- _Action item_
Return the records exactly, with nothing added.

- _Supplied records_

- - - - - - -

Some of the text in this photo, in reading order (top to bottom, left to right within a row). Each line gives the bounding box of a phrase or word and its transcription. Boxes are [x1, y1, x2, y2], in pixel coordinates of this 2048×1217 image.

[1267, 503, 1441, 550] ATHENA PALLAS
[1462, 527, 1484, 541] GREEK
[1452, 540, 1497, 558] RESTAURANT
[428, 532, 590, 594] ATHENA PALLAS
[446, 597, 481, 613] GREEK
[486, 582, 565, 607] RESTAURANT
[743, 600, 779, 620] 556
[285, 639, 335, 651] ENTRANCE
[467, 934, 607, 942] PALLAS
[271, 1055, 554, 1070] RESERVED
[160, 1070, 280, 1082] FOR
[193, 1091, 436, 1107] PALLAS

- - - - - - -

- _Written answer_
Some of the text in this photo, in reading order (top to bottom, left to right within a row). Each line gives the bounding box of a phrase or word and its transcription. Boxes are [x1, y1, x2, y2], in pixel coordinates of this 2048×1217 image.

[1267, 503, 1441, 550] ATHENA PALLAS
[1462, 527, 1484, 541] GREEK
[1452, 540, 1497, 558] RESTAURANT
[428, 532, 590, 594] ATHENA PALLAS
[446, 597, 481, 613] GREEK
[486, 582, 565, 607] RESTAURANT
[743, 600, 779, 620] 556
[285, 639, 335, 651] ENTRANCE
[467, 934, 607, 942] PALLAS
[271, 1055, 554, 1070] RESERVED
[160, 1070, 280, 1082] FOR
[193, 1091, 436, 1107] PALLAS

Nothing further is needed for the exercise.